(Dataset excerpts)
------------------------------------------------

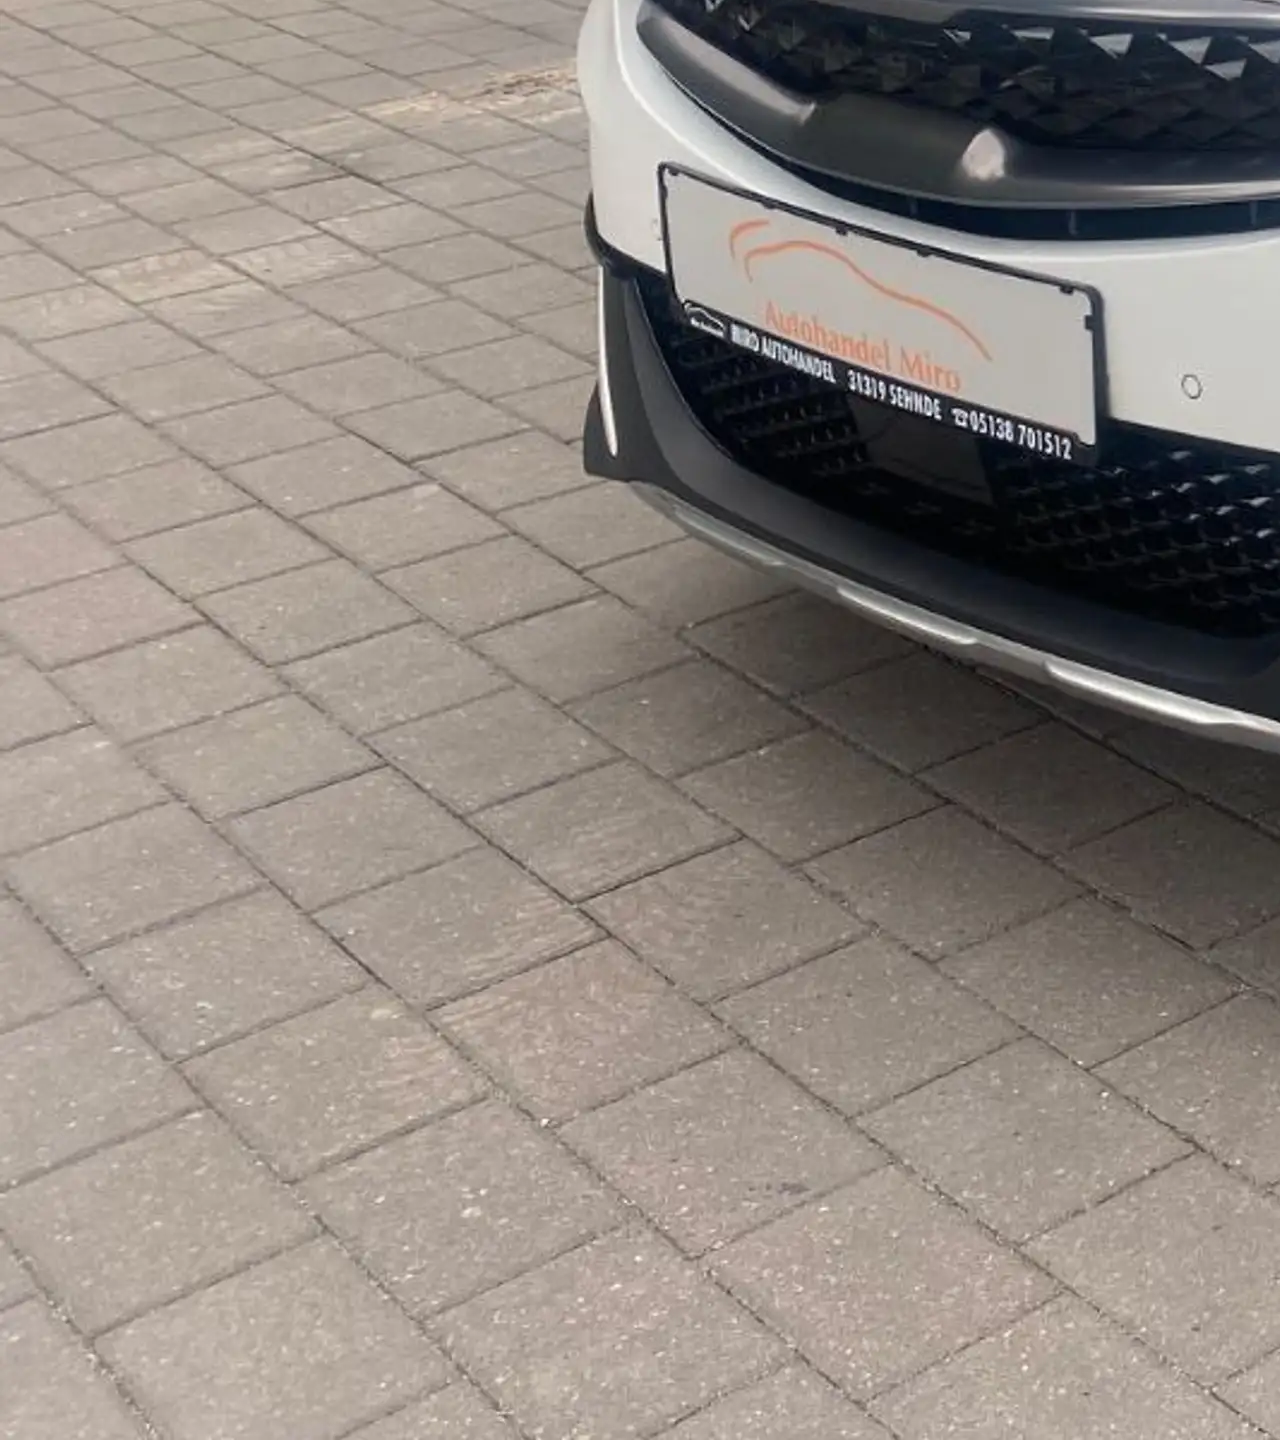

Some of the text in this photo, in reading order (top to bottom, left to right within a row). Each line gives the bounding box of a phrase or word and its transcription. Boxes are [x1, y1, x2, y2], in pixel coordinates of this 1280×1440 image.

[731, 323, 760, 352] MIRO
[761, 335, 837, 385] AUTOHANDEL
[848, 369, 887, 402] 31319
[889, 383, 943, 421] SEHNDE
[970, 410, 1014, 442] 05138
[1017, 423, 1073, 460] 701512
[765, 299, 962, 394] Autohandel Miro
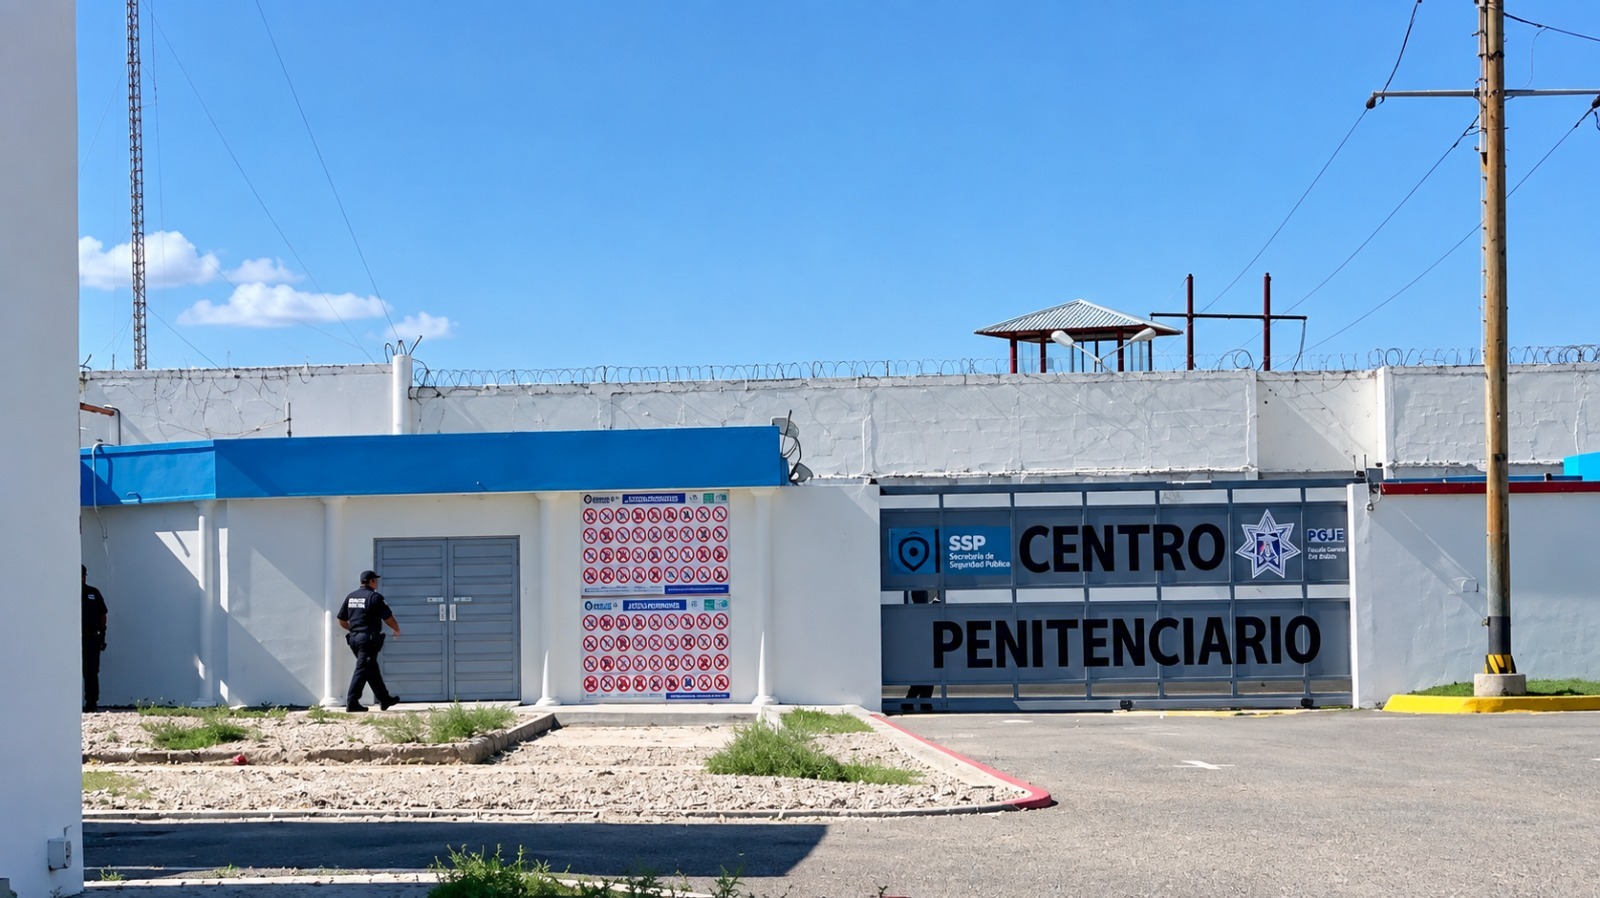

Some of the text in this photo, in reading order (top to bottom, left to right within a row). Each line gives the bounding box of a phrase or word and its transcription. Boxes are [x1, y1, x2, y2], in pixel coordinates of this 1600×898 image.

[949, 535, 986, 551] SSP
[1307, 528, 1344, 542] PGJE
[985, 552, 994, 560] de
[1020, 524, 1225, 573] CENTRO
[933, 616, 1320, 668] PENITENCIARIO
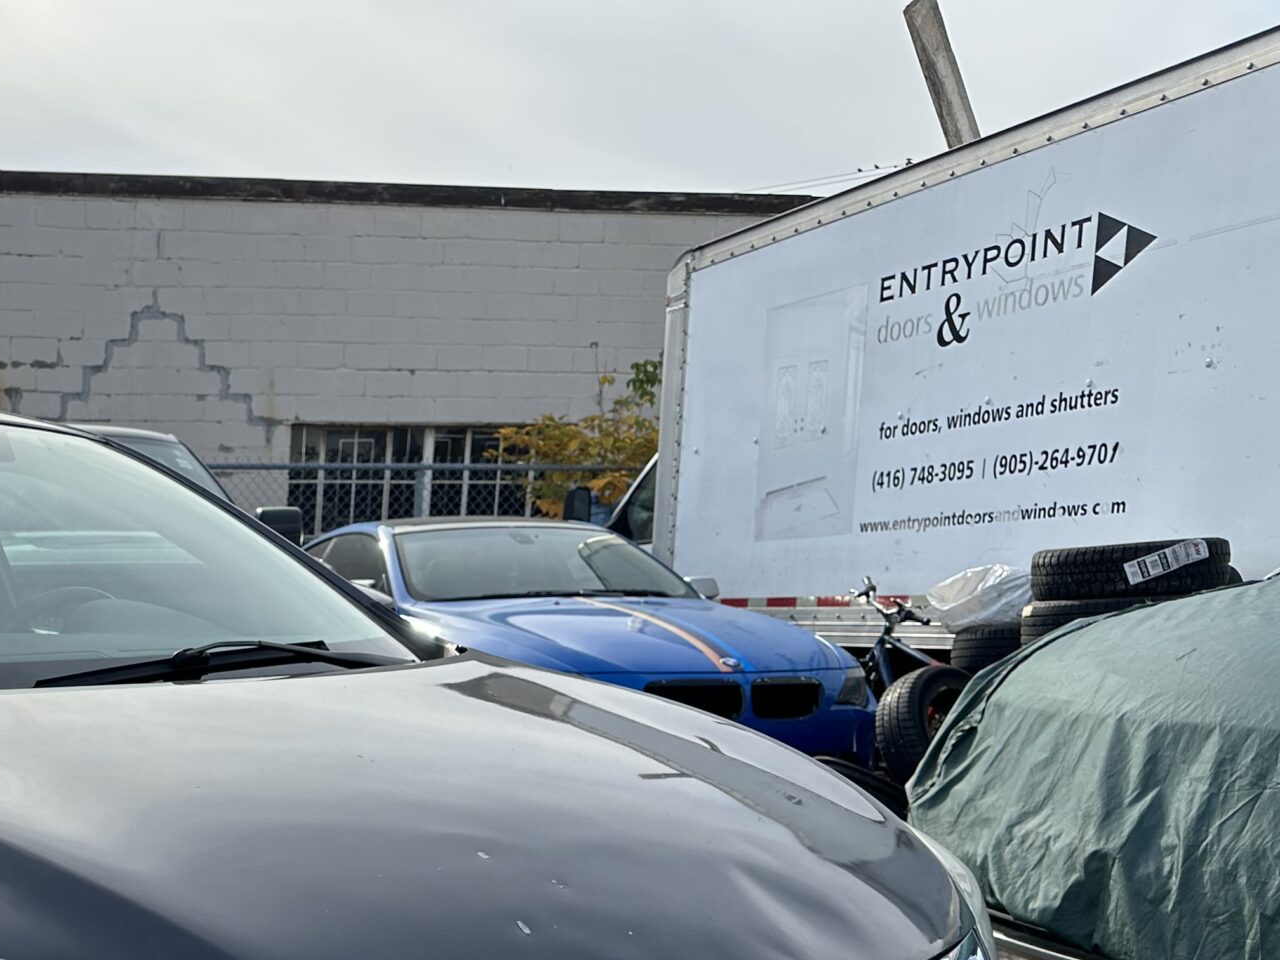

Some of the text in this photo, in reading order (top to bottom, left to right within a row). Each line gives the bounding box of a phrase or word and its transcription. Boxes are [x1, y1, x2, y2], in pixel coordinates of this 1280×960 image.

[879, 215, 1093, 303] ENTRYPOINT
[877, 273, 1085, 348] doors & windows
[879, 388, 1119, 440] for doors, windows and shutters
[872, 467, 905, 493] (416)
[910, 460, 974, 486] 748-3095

------------------------------------------------

Only the entries themselves should be output, word for word, with all pictures omitted.

Expected answer
Some of the text in this photo, in reading order (top to bottom, left to right within a row). Each line gives the bounding box of a phrase or word and its transcription. Boxes are [x1, y1, x2, y2], in pixel coordinates of this 1280×1440 image.

[731, 323, 760, 352] MIRO
[761, 335, 837, 385] AUTOHANDEL
[848, 369, 887, 402] 31319
[889, 383, 943, 421] SEHNDE
[970, 410, 1014, 442] 05138
[1017, 423, 1073, 460] 701512
[765, 299, 962, 394] Autohandel Miro

Some of the text in this photo, in reading order (top to bottom, left to right within a row). Each line gives the bounding box of a phrase or word and its transcription. Boxes are [x1, y1, x2, y2], in pixel coordinates of this 1600×898 image.

[949, 535, 986, 551] SSP
[1307, 528, 1344, 542] PGJE
[985, 552, 994, 560] de
[1020, 524, 1225, 573] CENTRO
[933, 616, 1320, 668] PENITENCIARIO

Some of the text in this photo, in reading order (top to bottom, left to right within a row). Each line gives the bounding box of a phrase or word and its transcription. Boxes are [x1, y1, x2, y2], in pixel coordinates of this 1280×960 image.

[879, 215, 1093, 303] ENTRYPOINT
[877, 273, 1085, 348] doors & windows
[879, 388, 1119, 440] for doors, windows and shutters
[872, 467, 905, 493] (416)
[910, 460, 974, 486] 748-3095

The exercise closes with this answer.